Contemp Clin Trials. 2015 Mar:41:100-9. doi: 10.1016/j.cct.2015.01.004. Epub 2015 Jan 17.

Abstract

Background: Relapse prevention interventions for Bipolar Disorder are effective but implementation in routine clinical services is poor. Web-based approaches offer a way to offer easily accessible access to evidence based interventions at low cost, and have been shown to be effective for other mood disorders.

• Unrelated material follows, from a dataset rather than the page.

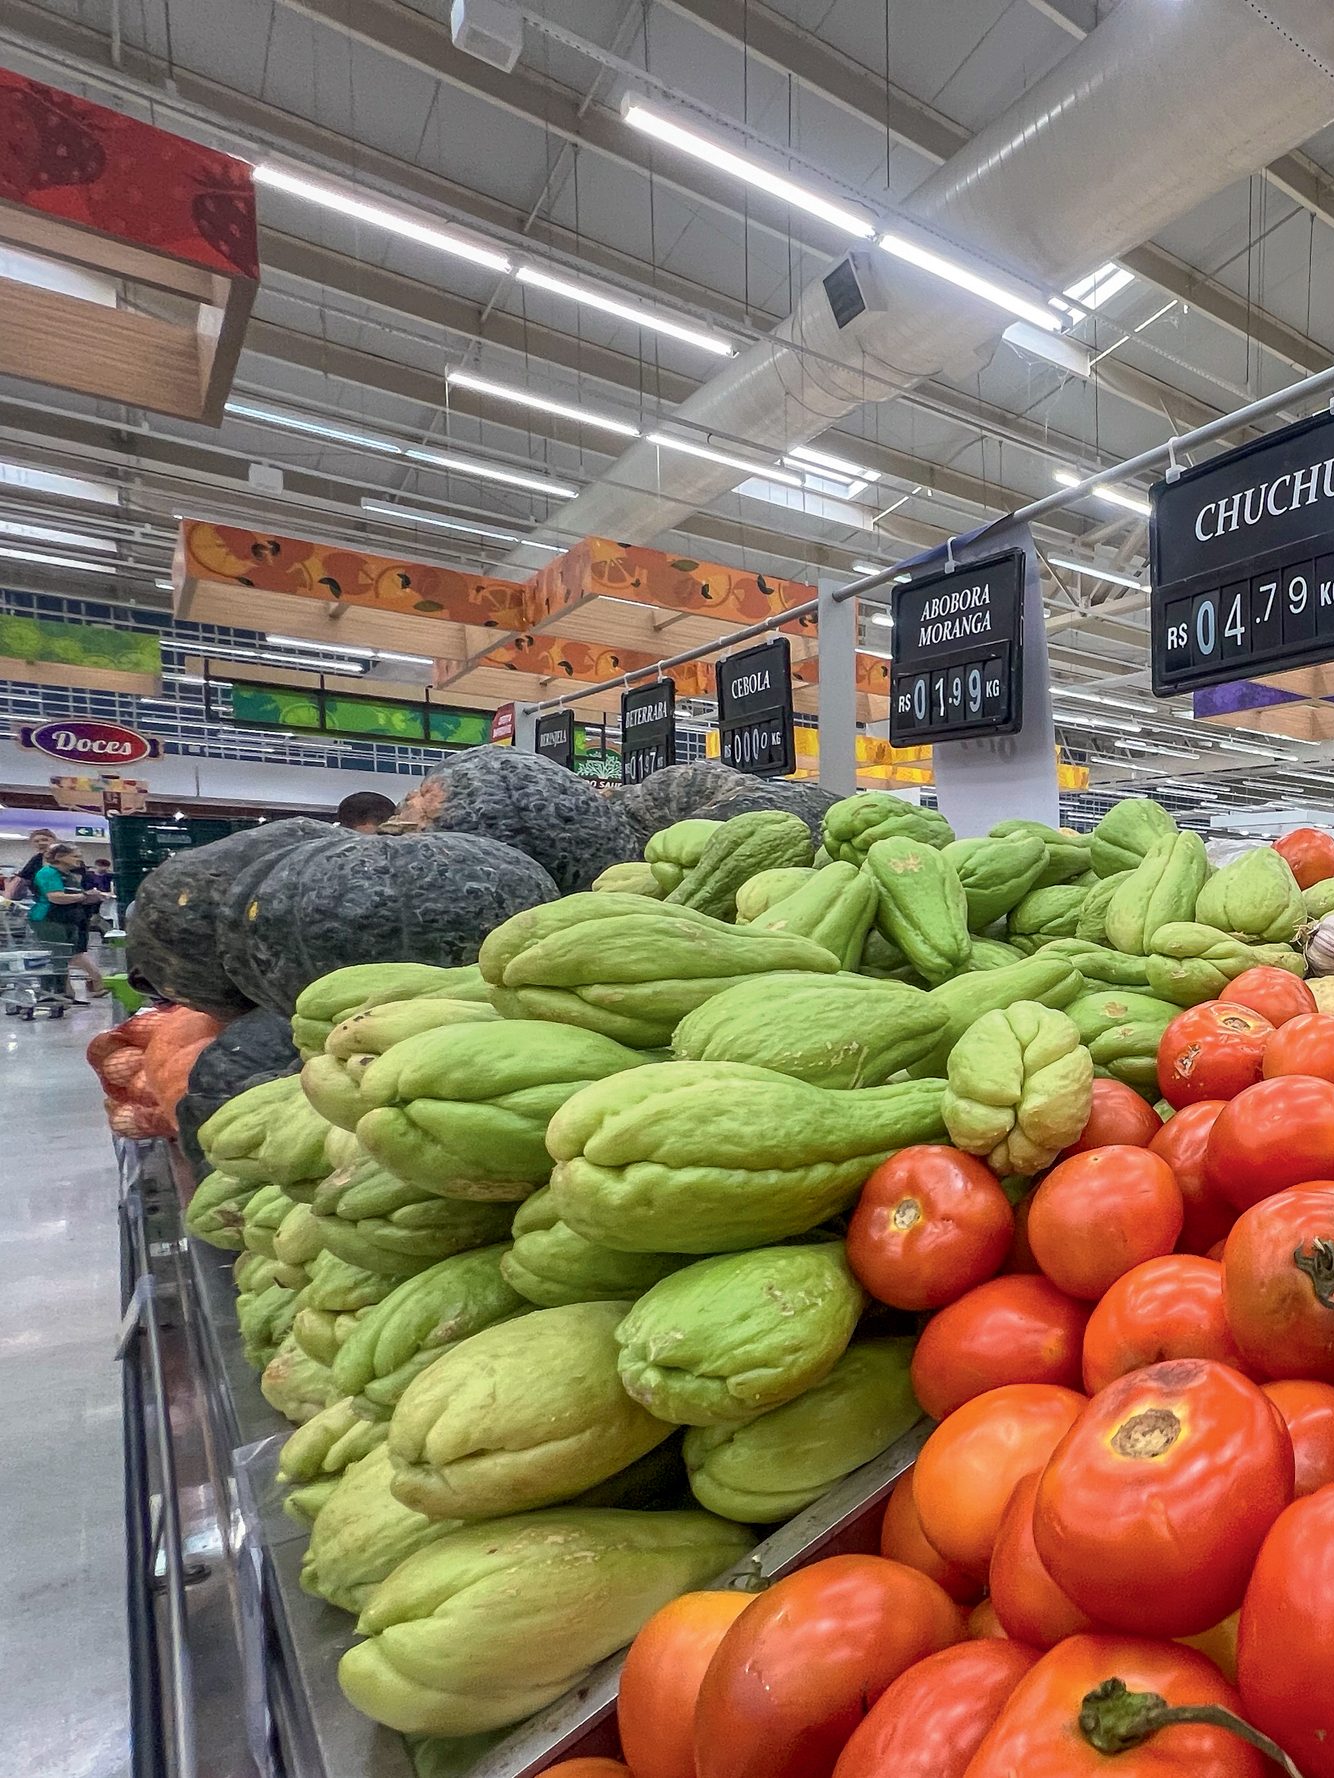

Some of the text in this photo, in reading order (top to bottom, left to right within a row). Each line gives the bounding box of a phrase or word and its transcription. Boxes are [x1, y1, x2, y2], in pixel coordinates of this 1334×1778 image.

Methods/design: This protocol describes the development and feasibility testing of the ERPonline web-based intervention using a single blind randomised controlled trial. Data will include the extent to which the site was used, detailed feedback from users about their experiences of the site, reported benefits and costs to mental health and wellbeing of users, and costs and savings to health services. We will gain an estimate of the likely effect size of ERPonline on a range of important outcomes including mood, functioning, quality of life and recovery. We will explore potential mechanisms of change, giving us a greater understanding of the underlying processes of change, and consequently how the site could be made more effective. We will be able to determine rates of recruitment and retention, and identify what factors could improve these rates.

Discussion: The findings will be used to improve the site in accordance with user needs, and inform the design of a large scale evaluation of the clinical and cost effectiveness of ERPonline. They will further contribute to the growing evidence base for web-based interventions designed to support people with mental health problems.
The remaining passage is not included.